Image-backed grounding data
________________________________________
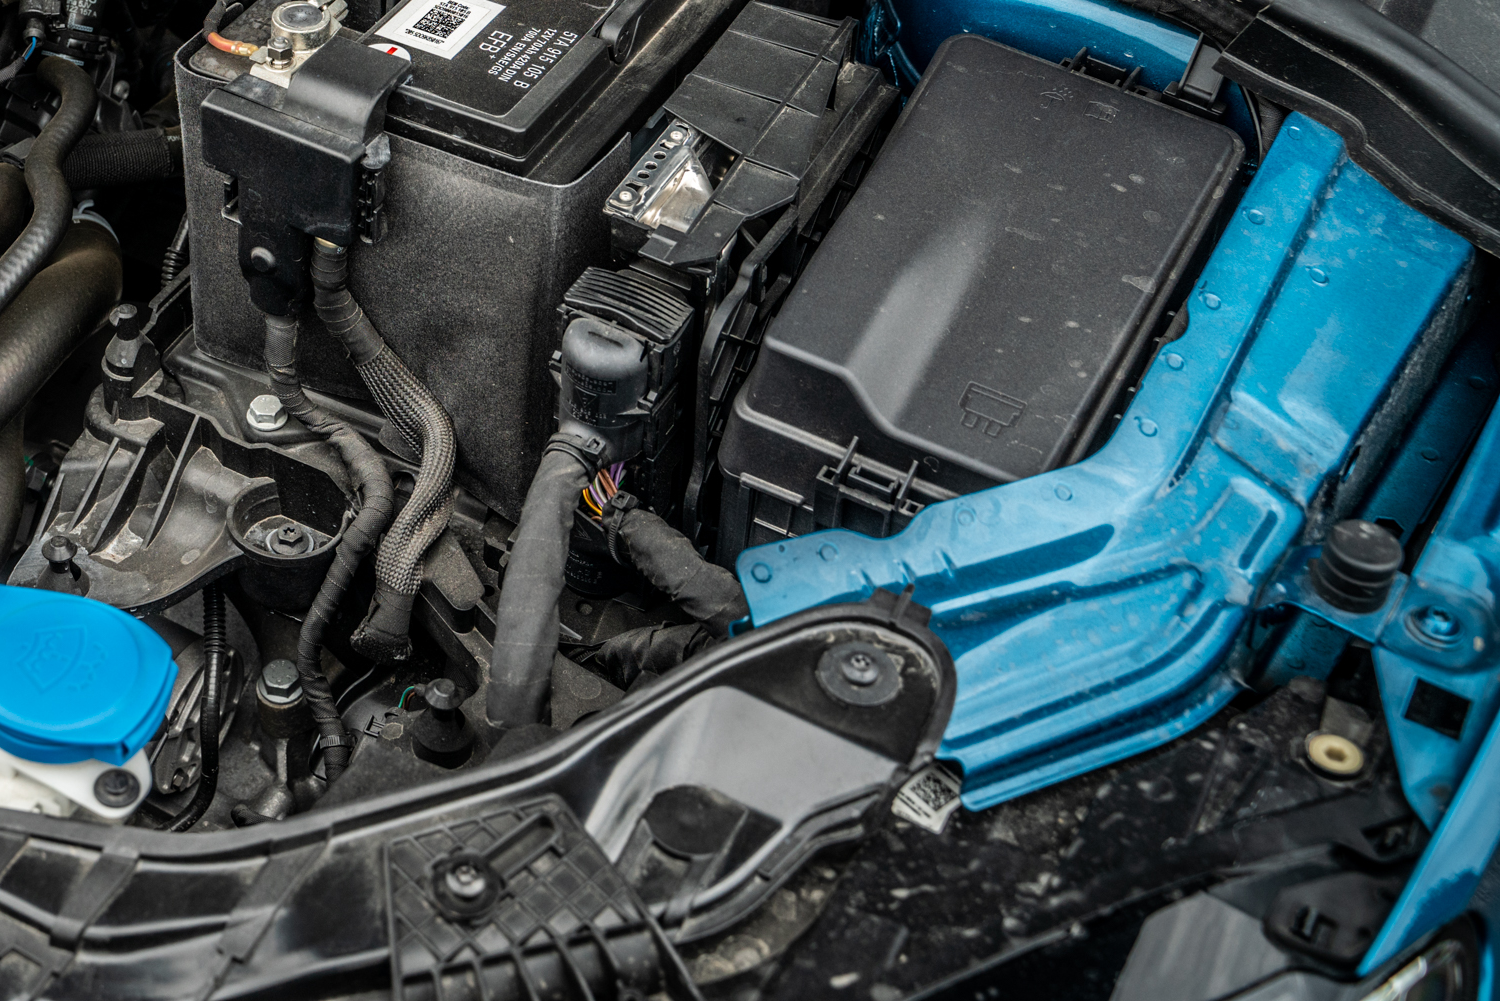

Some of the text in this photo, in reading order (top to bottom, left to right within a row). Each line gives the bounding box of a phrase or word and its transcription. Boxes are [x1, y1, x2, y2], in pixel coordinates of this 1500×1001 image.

[488, 27, 541, 75] 700A EN/SAE/GS
[513, 31, 578, 89] 5TA 915 105 B
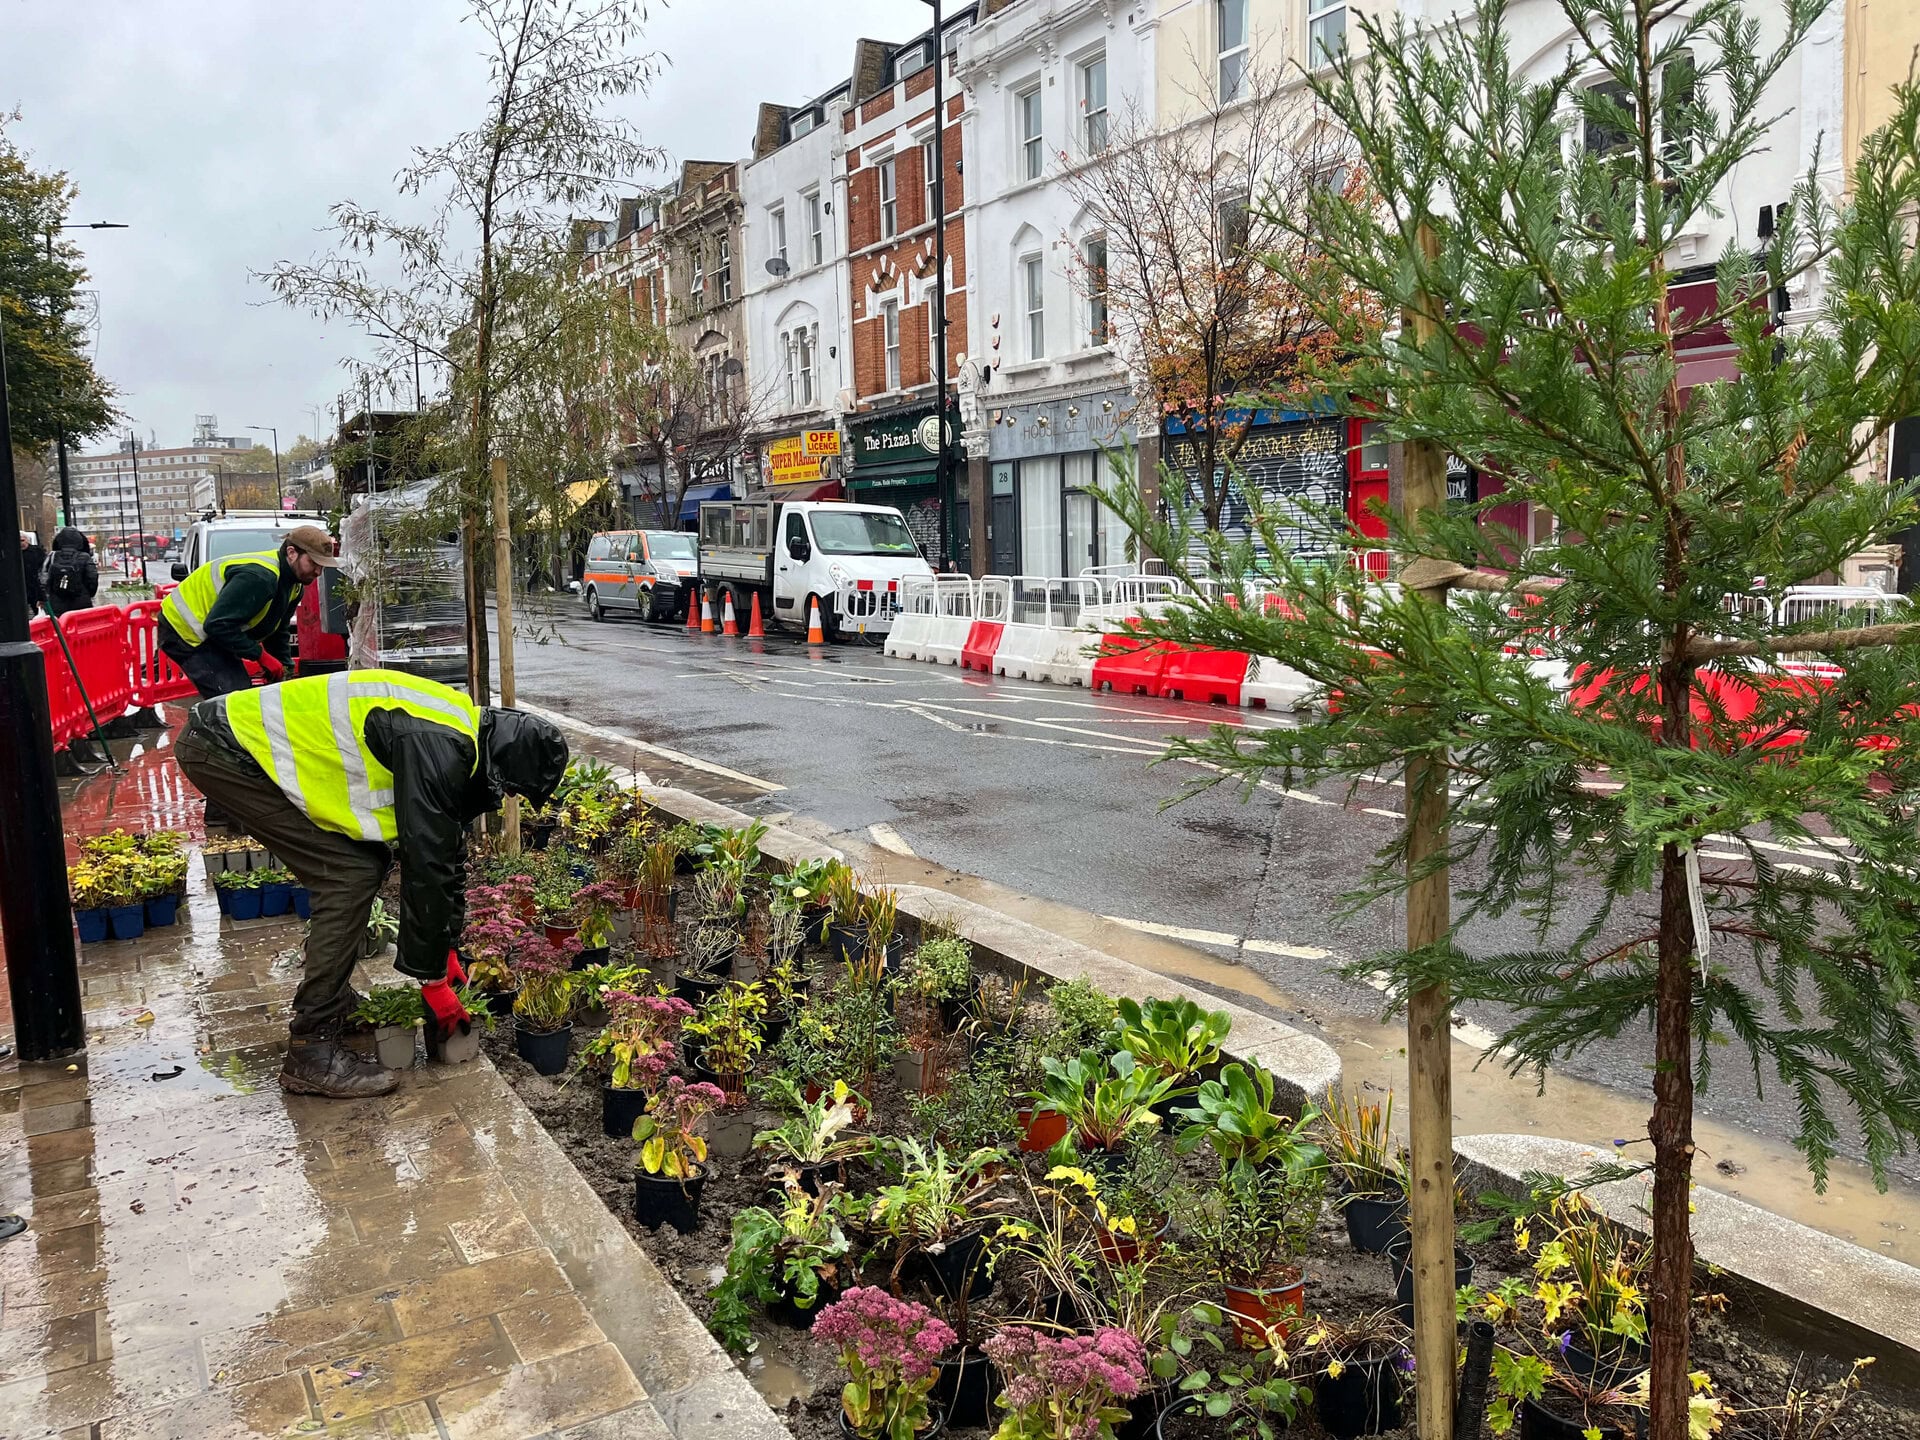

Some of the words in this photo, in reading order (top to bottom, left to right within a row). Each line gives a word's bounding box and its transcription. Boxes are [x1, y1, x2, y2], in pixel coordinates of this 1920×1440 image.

[1023, 423, 1058, 440] HOUSE
[1085, 410, 1135, 430] VINTA
[809, 432, 834, 442] OFF
[864, 436, 880, 450] The
[882, 432, 910, 448] Pizza
[808, 442, 838, 450] LICENCE
[772, 453, 792, 469] SUPER
[999, 472, 1008, 482] 28
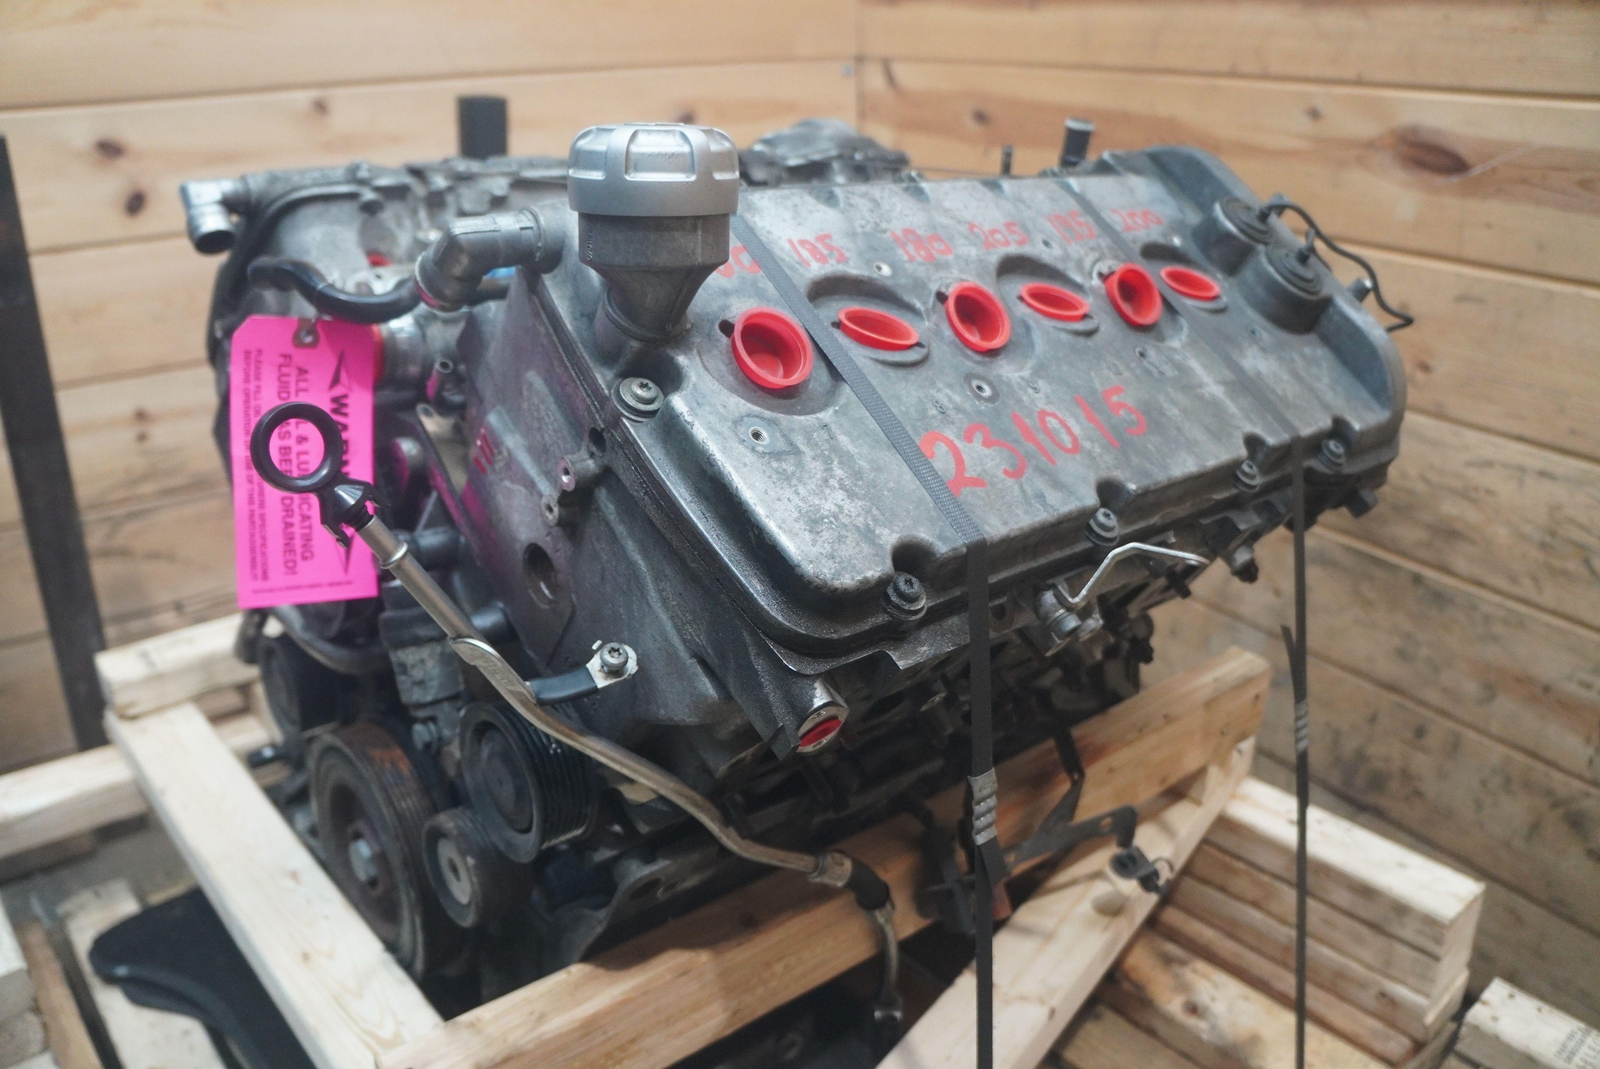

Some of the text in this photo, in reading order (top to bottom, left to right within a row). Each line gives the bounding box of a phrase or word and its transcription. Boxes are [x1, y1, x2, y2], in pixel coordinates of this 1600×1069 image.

[787, 233, 847, 268] 185
[890, 227, 954, 263] 180
[968, 221, 1029, 250] 205
[277, 354, 292, 401] FLUID
[296, 366, 309, 397] ALL
[933, 399, 947, 414] 8
[295, 435, 309, 445] &
[919, 384, 1148, 498] 231015
[296, 451, 314, 561] LUICATING
[280, 496, 298, 575] DRAINED!
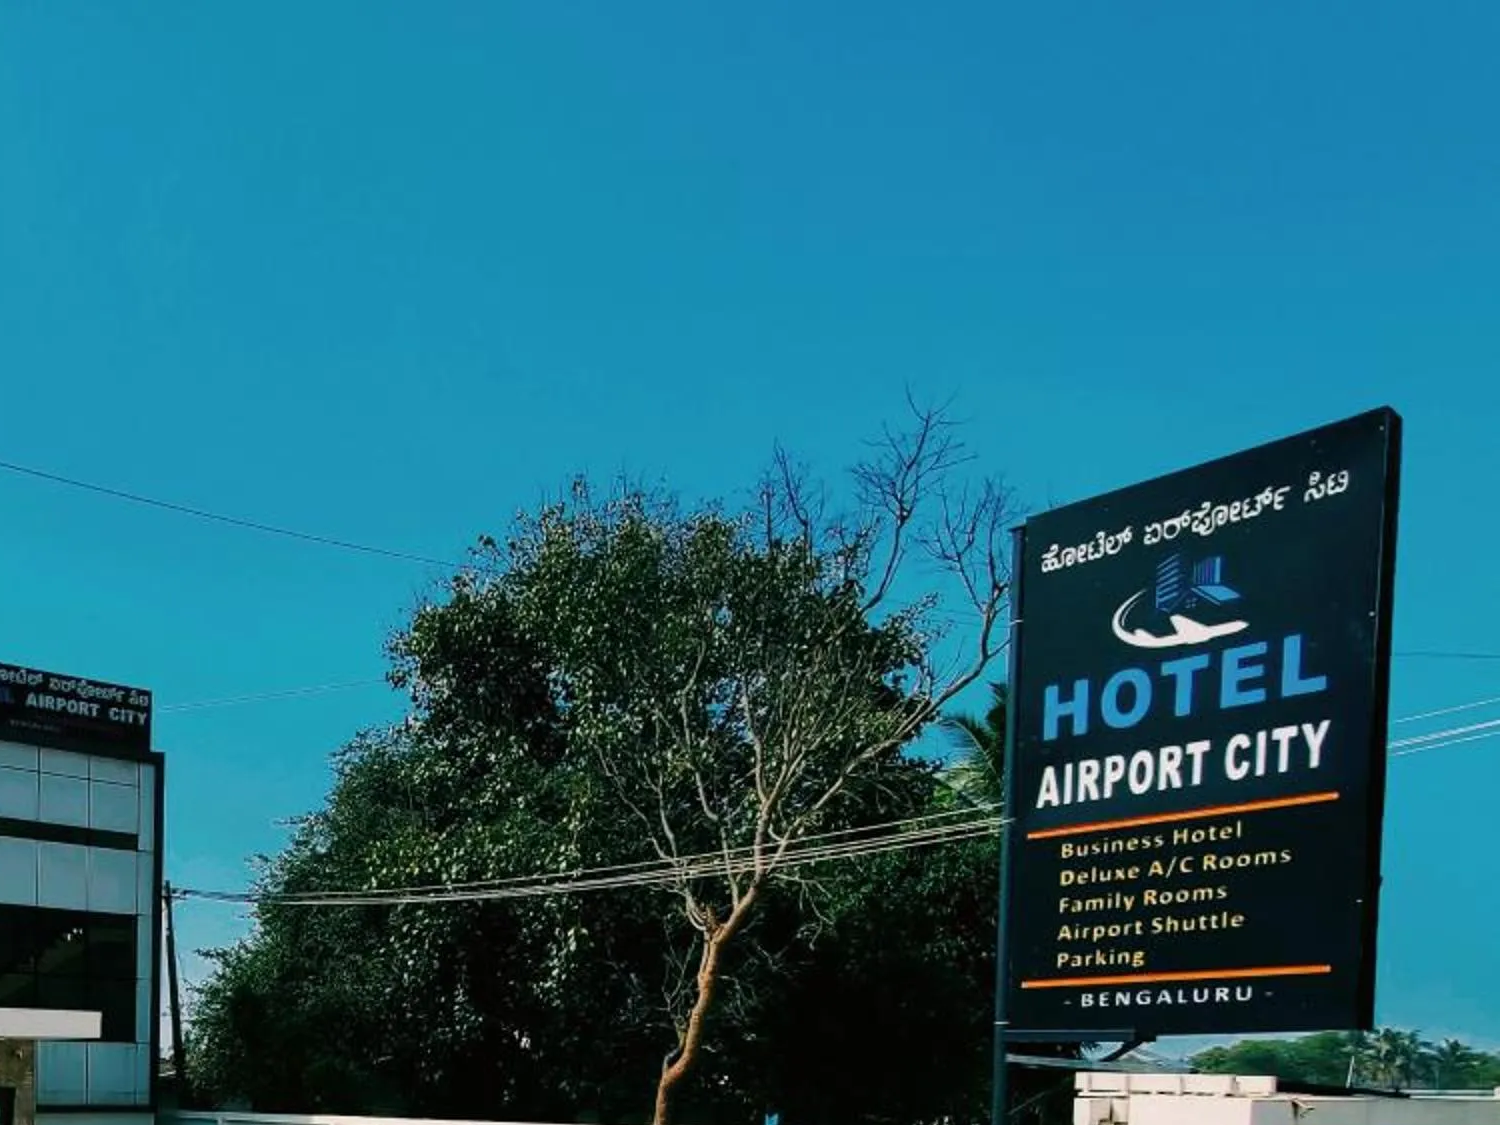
________________________________________
→ **Task requirements**:
Take the lines from the one holding "this 1600×1069 image." through the final line of the records above and output them exactly, both ends included, excluding pictures.

→ **Written answer**:
Some of the text in this photo, in reading order (top to bottom, left to right within a row). Each line gives the bounding box of a phrase or word and its transcription. Boxes are [x1, y1, x2, y2], in pixel coordinates of this 1600×1069 image.

[787, 233, 847, 268] 185
[890, 227, 954, 263] 180
[968, 221, 1029, 250] 205
[277, 354, 292, 401] FLUID
[296, 366, 309, 397] ALL
[933, 399, 947, 414] 8
[295, 435, 309, 445] &
[919, 384, 1148, 498] 231015
[296, 451, 314, 561] LUICATING
[280, 496, 298, 575] DRAINED!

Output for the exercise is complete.